All About That Dough Pizza Shop

This demo app is a real-time analytics dashboard for the operators of All About That Dough (AATD), an online pizza delivery service that specalizes in pizzas with Indian toppings. They will use the dashboard to get a live view on the number of orders and revenue of their business and to keep an eye on the most popular products.

Demo

The gif below shows the Pizza Shop Dashboard:

Pizza Shop Demo

Installation

Clone the GitHub repository:

git clone git@github.com:startreedata/pizza-shop-demo.git
cd pizza-shop-demo

Launch all the components using Docker Compose:

docker-compose \
  -f docker-compose-base.yml \
  -f docker-compose-pinot.yml \
  -f docker-compose-dashboard-enriched.yml \
  up

Navigate to localhost:8502 (opens in a new tab) to view the dashboard.

A deeper dive

In this section we'll go into detail about how data flows around the system.

Architecture Diagram

Below is an architecture diagram showing how all the compnents work together.

Architecture Diagram

Data Entities

The orders service acts as the data generator in this demo app. It creates products and users that are published to MySQL and orders that are published to Apache Kafka.

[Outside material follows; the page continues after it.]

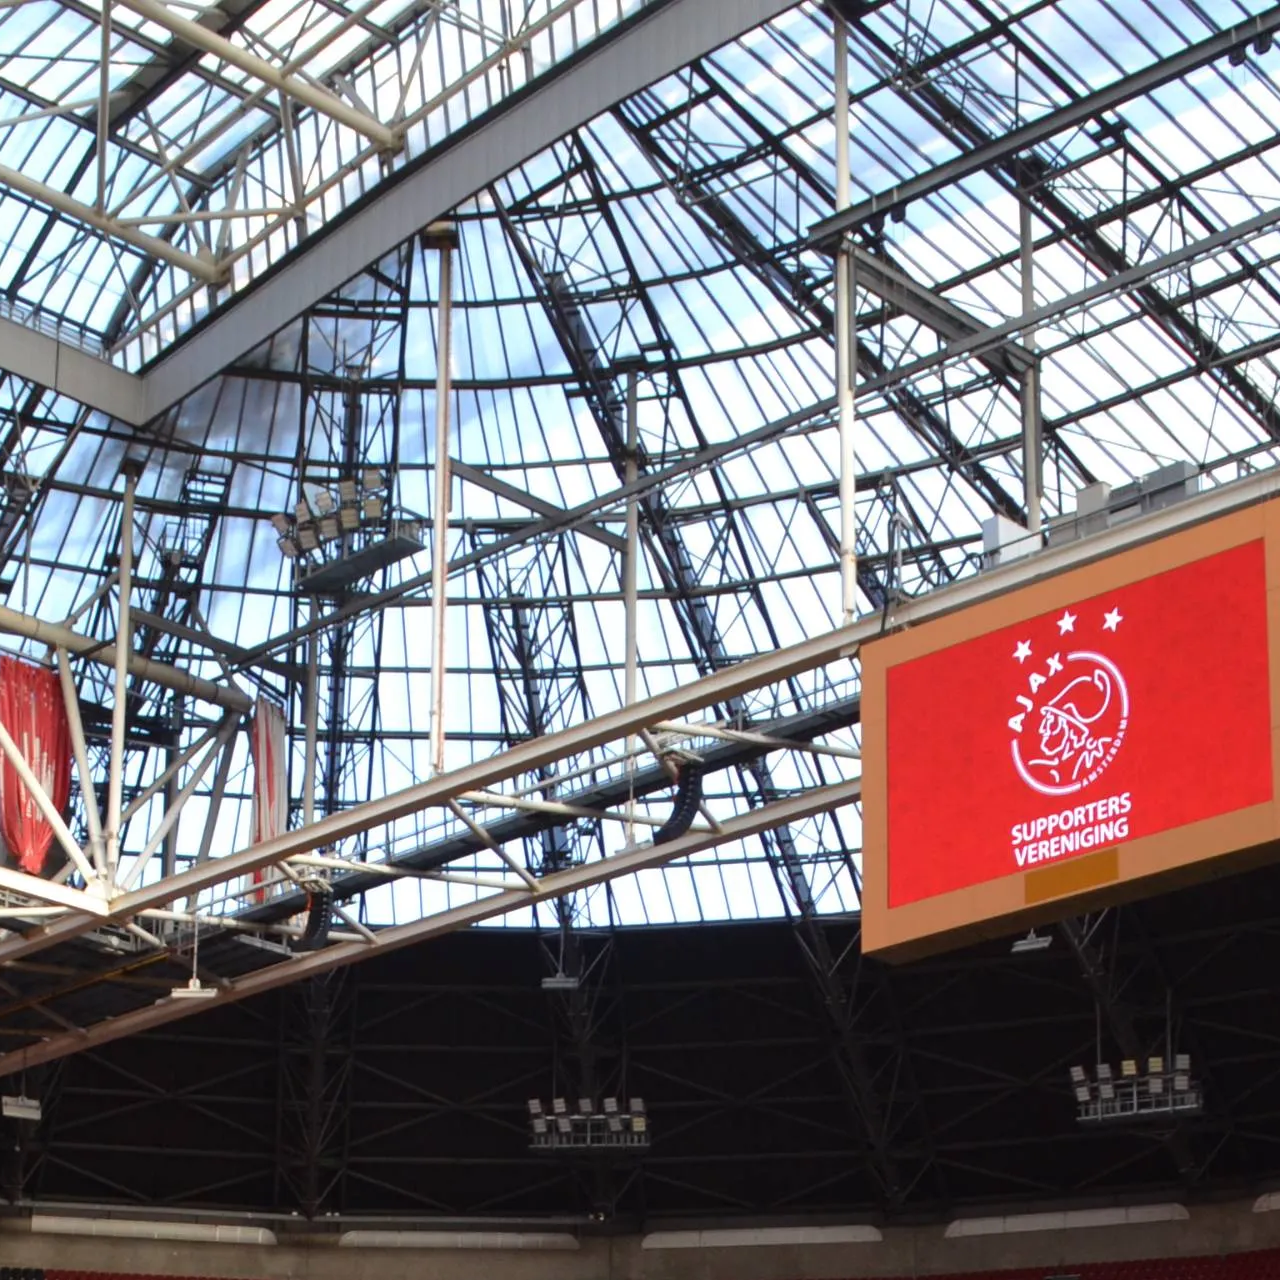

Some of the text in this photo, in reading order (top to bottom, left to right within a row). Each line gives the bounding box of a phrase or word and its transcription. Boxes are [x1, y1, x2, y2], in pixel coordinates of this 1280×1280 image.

[1008, 652, 1063, 733] AJAX
[1081, 718, 1128, 788] AMSTERDAM
[1011, 792, 1132, 845] SUPPORTERS
[1013, 817, 1129, 867] VERENIGING

Let's explore each of those entities.

Products

There are ~100 products, representing the types of items that you could buy from an online pizza delivery service. AATD sell pizzas, pasta, and a range of side orders.

You can query the catalog of products by first connecting to MySQL:

docker exec -it mysql mysql -u mysqluser -p

The password is mysqlpw. You'll then see a prompt and you can paste the following query:

SELECT name, description, category, price 
FROM pizzashop.products 
LIMIT 10;

Users

There are 1,000 users, generated using the Faker library. Users are also stored in MySQL and can be queried like this:

SELECT id, first_name, last_name, email, country
FROM pizzashop.users 
LIMIT 10;

Orders

There are an infinite number of orders, which comprise the products described above and are made by one of the users. You can query the orders stream, using the kcat (kafkacat on Linux) command line tool, like this:

kcat -C -b localhost:29092 -t orders -c 10

kafkacat -C -b localhost:29092 -t orders -c 10

An example order:

{
  "id": "3d0d442f-1afc-494a-8c75-0e67fa8b31d4",
  "createdAt": "2022-09-06T10:46:17.481843",
  "userId": 521,
  "status": "PLACED_ORDER",
  "price": 1611,
  "items": [
    {
      "productId": "43",
      "quantity": 2,
      "price": 609
    },
    {
      "productId": "20",
      "quantity": 3,
      "price": 85
    },
    {
      "productId": "14",
      "quantity": 2,
      "price": 569
    }
  ]
}

Order Items

Order items are initially contained inside orders, but we use Kafka Streams to extract them and join them with product details, before publishing to the enriched-order-items stream.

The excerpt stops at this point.